There is no doubt that Janus will hurt the PSC. It will make it harder for the organization to fulfill its basic responsibilities, such as defending members from the depredations of a hostile and bungling management. At the same time, it may provide an incentive for leaders to devote fewer resources to lobbying and elite-focused media campaigns and more to organizing, to maintaining a presence on the campuses, and to reaching out to members and non-members alike, for whom the PSC is at present little more than a line on their paycheck.
Historically, maintenance of membership policies like the agency fee have been a double-edged sword. The origins of such policies lie in the Second World War, when government officials sought to bind workers to their union leaders in exchange for those leaders’ accommodating stance in accepting wage freezes (while corporate profits soared) and preventing strikes.1 The overall historical role of agency fees has been to strengthen union leadership vis-à-vis members and to lend weight to their moderate approach, one that eschews militancy and direct action for collaboration and moral appeals.
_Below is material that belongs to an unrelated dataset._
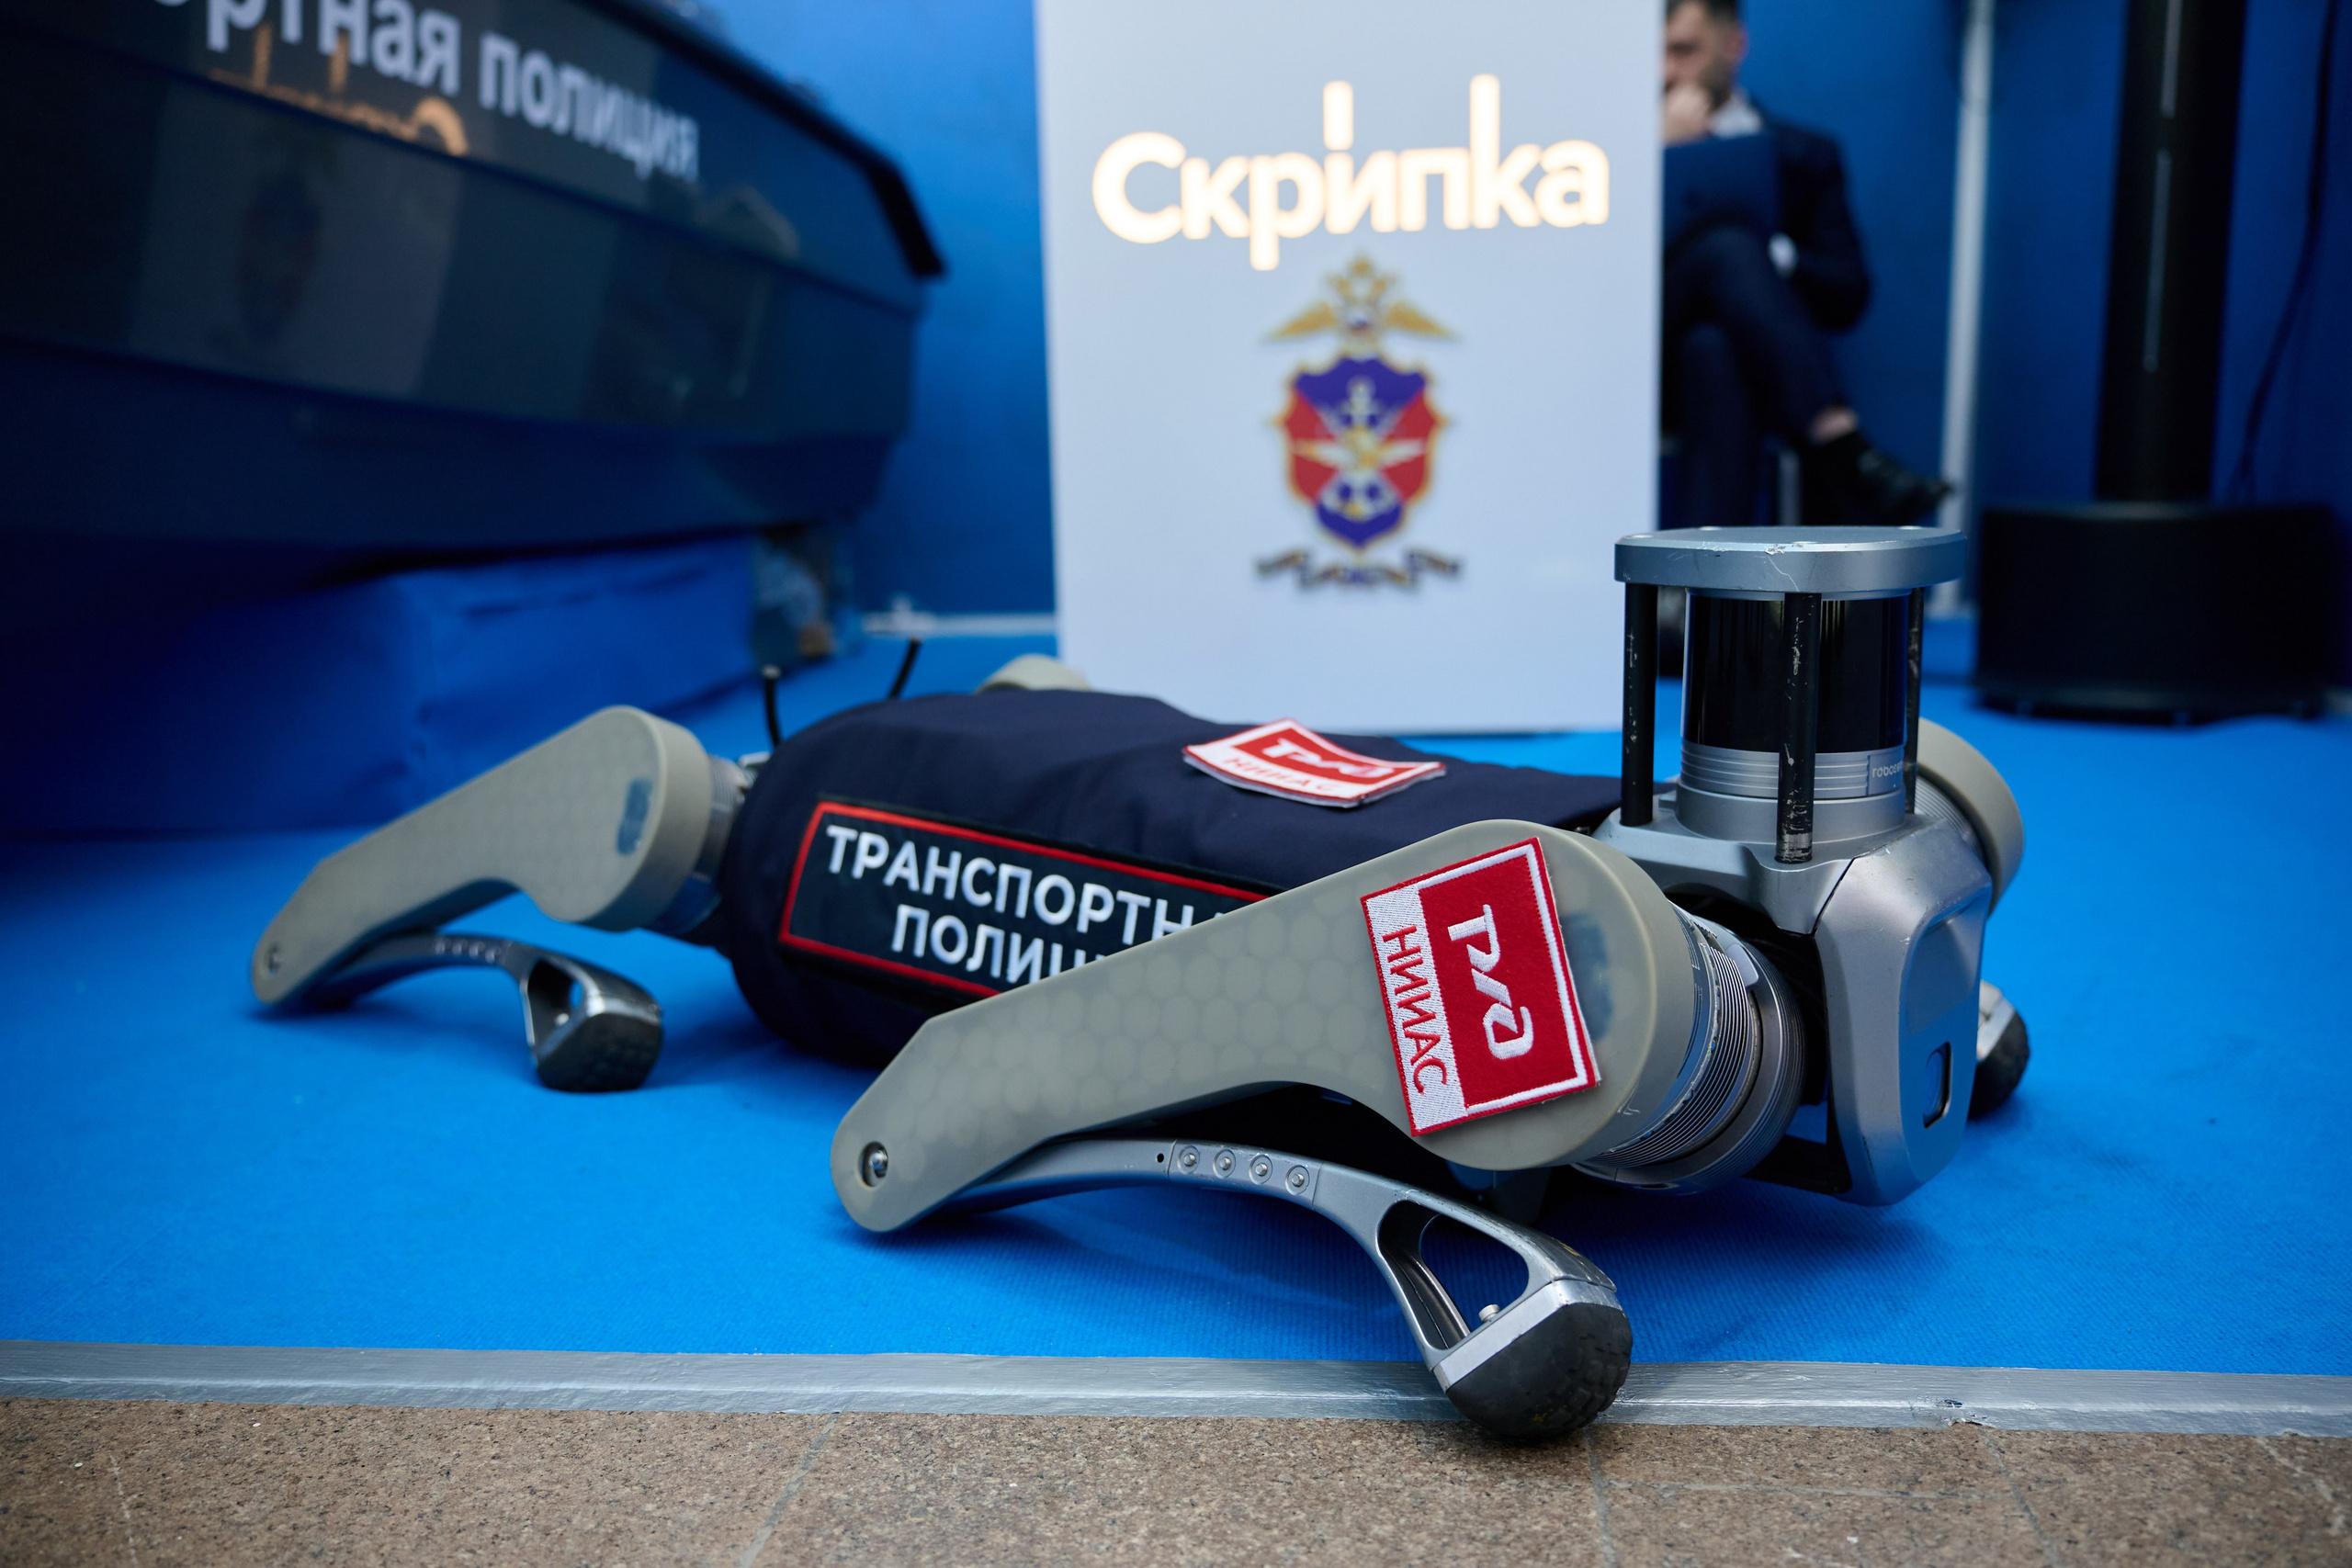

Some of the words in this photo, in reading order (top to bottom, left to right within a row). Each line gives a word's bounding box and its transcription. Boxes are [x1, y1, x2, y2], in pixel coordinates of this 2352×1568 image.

Indeed, lawyers for the California Teachers Association, in arguments during a related case, boasted openly of the agency fee’s effectiveness in preventing strikes and permitting union leaders to more effectively accommodate the perspective of management, who through agreements like the agency fee are converted into partners of the union leadership while remaining enemies of the rank-and-file.
The prospect that the union will take a large financial hit has PSC leaders quaking. Their main response has been to mount a frantic “re-commitment” effort designed to get members to pledge not to abandon the union. Unfortunately, it has not been accompanied by a conversation about why precisely it is that so many members, especially adjuncts, feel disconnected from the organization and unenthusiastic about its efforts. Imagine how much better off we would be if people gave the PSC money because they wanted to instead of being coerced via deals worked out between union leaders and their allies in the political establishment of blue states like New York.2 The Janus case should provoke a serious conversation about our union’s overall approach, one for which PSC leaders have as yet displayed little appetite.
Above all, we have to remember that an organization is not the same as its leadership. The PSC, which has around 25,000 members, is effectively controlled by about four people, whose authority rests less on a democratic mandate from the rank-and-file than a series of private relationships among those entrenched at the top. This arrangement mirrors New York State politics as a whole, where voter turnout is among the worst in the country and an ossified, entrenched political class serves the wealthy while consenting to appear progressive when it will cost them little. The PSC’s current modus operandi depends on a demobilized rank-and-file whose attitudes are reflected in sparse attendance at chapter meetings, when they even occur, and Delegate Assemblies, which frequently struggle to achieve a quorum. As we have argued, this is largely by design.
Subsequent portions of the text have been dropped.